The Thai banking system's SME lending problem isn't malice — it's architecture. Traditional credit underwriting is built around two signals: collateral (land title, property, equipment) and documented income history (tax returns, audited accounts). Thai SMEs — particularly the micro and small businesses that constitute the bottom 80% of the SME pyramid — frequently have neither. They own informal assets (the family home that isn't legally registered, the motorcycle that has no financing trail), they pay taxes inconsistently or not at all, and they have accounting records only to the extent required for their specific business relationships. The bank's systems say no. The actual credit risk is often more benign than the systems suggest.

What Alternative Credit Scoring Actually Uses

The alternative credit scoring approaches gaining traction in Thai SME lending share a common design principle: substitute formal documentation signals with behavioral and transactional data that is equally or more predictive of repayment probability. The most accessible and predictive alternative signals in the Thai context are PromptPay transaction history (payment regularity, income patterns, seasonal cash flow), Shopee and Lazada merchant data (for e-commerce SMEs — revenue trends, customer return rates, dispute rates), SCB Easy and KBTG app activity (spending patterns, savings behavior, bill payment consistency), and government contribution data (social security contributions are a proxy for payroll stability).

None of these signals individually substitute for a full credit assessment. In combination, normalized across a large borrower dataset, they produce credit scores that have been validated in pilot programs by KBTG (Kasikorn's tech arm), Ngern Tid Lor (one of Thailand's largest non-bank lenders), and several fintech startups against actual repayment performance. The machine learning models work — the data exists, the signal is real, and the underwriting capability is buildable. The challenge is assembling the data, building the distribution to reach SME borrowers, and pricing the credit risk correctly in a market where traditional banks have set rate expectations that don't reflect the actual cost of serving this segment.

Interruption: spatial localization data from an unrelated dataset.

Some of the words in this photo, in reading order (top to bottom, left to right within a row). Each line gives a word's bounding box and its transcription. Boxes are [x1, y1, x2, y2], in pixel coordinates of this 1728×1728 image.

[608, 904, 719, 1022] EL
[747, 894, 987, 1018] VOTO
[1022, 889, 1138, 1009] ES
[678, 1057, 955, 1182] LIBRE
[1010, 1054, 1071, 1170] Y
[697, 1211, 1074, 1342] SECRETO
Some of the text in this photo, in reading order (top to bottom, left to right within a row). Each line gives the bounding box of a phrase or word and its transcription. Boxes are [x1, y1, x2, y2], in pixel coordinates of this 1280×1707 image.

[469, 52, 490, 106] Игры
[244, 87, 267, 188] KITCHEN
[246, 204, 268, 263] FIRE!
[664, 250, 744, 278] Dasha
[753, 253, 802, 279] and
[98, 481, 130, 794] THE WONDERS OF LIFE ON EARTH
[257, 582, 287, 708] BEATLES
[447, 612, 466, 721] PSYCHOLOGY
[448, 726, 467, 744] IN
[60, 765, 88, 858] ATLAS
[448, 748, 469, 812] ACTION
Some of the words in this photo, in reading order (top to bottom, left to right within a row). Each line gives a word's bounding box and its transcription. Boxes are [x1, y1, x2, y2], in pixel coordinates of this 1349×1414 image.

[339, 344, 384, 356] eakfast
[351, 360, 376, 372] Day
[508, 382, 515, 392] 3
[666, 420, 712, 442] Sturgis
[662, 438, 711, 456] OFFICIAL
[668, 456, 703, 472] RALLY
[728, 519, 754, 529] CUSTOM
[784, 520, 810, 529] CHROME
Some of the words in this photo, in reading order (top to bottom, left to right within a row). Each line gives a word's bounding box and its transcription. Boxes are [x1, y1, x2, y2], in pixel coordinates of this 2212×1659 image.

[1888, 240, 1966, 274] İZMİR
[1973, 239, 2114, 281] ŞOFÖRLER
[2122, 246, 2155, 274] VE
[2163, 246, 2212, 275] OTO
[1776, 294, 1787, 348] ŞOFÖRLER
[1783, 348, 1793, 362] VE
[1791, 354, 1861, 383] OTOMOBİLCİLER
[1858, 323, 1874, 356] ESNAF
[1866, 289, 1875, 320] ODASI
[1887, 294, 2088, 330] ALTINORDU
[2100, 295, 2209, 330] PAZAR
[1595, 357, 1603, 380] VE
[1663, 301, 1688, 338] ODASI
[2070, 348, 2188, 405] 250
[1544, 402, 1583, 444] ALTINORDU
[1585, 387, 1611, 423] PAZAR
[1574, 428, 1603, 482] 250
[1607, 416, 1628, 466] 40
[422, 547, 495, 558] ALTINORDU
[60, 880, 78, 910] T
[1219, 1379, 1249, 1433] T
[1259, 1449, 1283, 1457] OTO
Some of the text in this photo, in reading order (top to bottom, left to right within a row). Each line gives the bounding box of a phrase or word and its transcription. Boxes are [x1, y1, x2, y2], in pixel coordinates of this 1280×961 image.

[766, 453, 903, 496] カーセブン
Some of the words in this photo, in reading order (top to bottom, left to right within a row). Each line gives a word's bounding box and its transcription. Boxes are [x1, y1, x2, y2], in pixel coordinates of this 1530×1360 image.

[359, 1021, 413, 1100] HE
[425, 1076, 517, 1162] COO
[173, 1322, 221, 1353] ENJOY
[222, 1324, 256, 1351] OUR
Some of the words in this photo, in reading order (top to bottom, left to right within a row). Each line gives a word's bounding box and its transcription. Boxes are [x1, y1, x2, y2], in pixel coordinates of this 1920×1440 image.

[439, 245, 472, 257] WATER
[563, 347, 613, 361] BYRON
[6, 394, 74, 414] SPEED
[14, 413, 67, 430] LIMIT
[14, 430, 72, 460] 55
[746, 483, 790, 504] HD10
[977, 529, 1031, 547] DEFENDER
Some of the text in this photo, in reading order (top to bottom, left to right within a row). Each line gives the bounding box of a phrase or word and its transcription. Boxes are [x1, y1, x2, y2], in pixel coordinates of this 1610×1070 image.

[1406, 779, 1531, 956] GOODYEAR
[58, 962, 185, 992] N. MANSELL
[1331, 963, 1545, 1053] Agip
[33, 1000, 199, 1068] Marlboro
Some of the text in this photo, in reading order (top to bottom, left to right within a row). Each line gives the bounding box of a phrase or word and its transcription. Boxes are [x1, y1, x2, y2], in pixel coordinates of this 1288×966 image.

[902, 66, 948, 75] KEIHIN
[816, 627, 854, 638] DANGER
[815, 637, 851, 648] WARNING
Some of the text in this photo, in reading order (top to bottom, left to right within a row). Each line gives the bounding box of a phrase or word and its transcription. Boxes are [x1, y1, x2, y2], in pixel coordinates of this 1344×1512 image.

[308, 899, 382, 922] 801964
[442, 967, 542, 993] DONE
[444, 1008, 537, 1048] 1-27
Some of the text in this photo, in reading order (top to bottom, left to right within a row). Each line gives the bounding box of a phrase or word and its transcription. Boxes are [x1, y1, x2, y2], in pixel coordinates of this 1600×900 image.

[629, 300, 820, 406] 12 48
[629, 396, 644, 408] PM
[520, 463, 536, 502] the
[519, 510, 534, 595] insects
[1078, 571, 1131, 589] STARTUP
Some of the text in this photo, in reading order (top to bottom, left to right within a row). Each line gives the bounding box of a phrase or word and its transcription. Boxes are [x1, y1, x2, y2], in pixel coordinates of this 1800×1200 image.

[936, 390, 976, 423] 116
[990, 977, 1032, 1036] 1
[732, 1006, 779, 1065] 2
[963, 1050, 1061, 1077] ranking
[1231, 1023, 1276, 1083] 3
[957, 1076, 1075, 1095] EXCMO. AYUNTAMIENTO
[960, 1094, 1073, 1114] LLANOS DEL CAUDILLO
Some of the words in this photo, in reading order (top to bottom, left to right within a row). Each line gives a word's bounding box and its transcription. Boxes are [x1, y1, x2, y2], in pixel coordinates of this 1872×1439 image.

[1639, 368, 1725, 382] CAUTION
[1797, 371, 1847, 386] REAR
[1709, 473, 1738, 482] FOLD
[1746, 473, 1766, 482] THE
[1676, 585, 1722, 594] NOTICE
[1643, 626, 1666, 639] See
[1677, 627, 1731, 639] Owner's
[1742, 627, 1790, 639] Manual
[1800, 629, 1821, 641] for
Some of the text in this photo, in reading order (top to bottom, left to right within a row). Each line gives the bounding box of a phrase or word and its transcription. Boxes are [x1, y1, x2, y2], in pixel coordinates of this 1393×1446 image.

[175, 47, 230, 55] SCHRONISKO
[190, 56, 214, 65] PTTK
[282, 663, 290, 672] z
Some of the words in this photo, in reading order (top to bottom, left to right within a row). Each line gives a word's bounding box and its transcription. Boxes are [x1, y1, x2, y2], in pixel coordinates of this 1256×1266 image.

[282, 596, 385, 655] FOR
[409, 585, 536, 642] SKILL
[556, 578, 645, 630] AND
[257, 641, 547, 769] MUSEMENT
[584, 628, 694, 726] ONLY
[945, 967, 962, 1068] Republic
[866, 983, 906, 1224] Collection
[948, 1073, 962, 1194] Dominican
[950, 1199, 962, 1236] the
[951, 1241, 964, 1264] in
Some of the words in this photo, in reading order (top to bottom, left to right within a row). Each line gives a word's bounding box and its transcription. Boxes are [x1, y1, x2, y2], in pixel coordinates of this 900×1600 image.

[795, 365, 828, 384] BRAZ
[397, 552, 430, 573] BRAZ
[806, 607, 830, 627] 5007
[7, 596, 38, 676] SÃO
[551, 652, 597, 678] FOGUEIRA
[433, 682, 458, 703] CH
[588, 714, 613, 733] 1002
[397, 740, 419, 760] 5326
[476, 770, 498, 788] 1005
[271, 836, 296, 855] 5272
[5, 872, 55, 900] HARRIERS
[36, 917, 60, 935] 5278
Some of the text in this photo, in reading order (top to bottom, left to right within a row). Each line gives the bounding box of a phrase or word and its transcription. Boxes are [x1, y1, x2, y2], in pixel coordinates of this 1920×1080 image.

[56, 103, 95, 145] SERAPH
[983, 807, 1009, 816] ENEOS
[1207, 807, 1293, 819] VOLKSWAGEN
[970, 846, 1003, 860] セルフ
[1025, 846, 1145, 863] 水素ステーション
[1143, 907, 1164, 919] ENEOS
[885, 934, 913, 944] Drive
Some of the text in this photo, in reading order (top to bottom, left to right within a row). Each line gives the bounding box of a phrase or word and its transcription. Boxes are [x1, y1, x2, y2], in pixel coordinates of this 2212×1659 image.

The Supply Chain Finance Opportunity

Supply chain finance — lending to SME suppliers against receivables owed by creditworthy large corporations — is a particularly elegant solution to the SME credit problem because it substitutes the SME's own credit risk with the credit risk of their large-company buyer. A cassava processor that sells to a Thailand-listed food conglomerate on 60-day payment terms can access early payment of those receivables at a small discount — effectively borrowing against the conglomerate's credit quality rather than their own. The credit risk to the lender is the large company's, not the SME's.

This market is underdeveloped in Thailand. The large corporate anchor buyers exist (CP Group, Thai Union, Mitr Phol, SCG, and many others) and have extensive SME supplier networks. The fintech infrastructure to provide supply chain finance digitally — invoice digitization, real-time payment processing, yield management for the lender — is largely available from regional providers. What's missing is the platform that connects large corporate buyers' accounts payable systems to SME suppliers' working capital needs at sufficient scale and with sufficiently low friction that the economics work for both parties.

The Gig Economy Credit Gap

An adjacent and fast-growing segment of the SME credit problem is the gig economy worker: the Grab driver, the Lineman delivery partner, the Airbnb host, the Shopee seller. These individuals generate formal, documented income through platforms that have detailed earnings histories — but they are classified by most banks as self-employed with irregular income, making standard credit underwriting difficult. Platform-native lending is the solution: Grab Financial's GrabPay Later, Lazada's credit products, and Lineman's emerging financial services are all attempting to build credit products for their gig worker customer base using the platform's own earnings data as the primary underwriting signal.

The market size is substantial: Thailand has an estimated 3–4 million active gig economy workers, the vast majority of whom are underserved by traditional credit products. A lender who can accurately underwrite gig worker credit risk using platform data is accessing a market segment that is growing at 15–20% annually and has minimal formal competition.

Signals / What Recently Changed

The BOT's credit information bureau (NCB) expanded its data sharing framework in 2023 to include e-payment transaction data from PromptPay as an optional bureau input — a significant regulatory shift that formally validates alternative data sources for Thai credit underwriting and gives lenders who use PromptPay data a compliant, legally structured path to market.

KBTG (Kasikorn Tech Group) launched a standalone SME digital lending product in 2023 using their alternative credit scoring model, reporting 35% approval rates for SME applicants who were previously declined by traditional bank criteria — a commercially validated proof point for alternative scoring's ability to expand the credit-eligible SME universe.

Thailand's Ministry of Finance established an SME credit guarantee program expansion in 2024 through the Thai Credit Guarantee Corporation (TCG), increasing the guarantee cap from ฿40B to ฿60B — reducing the risk capital requirement for lenders entering the underserved SME segment and directly improving the unit economics of new credit providers.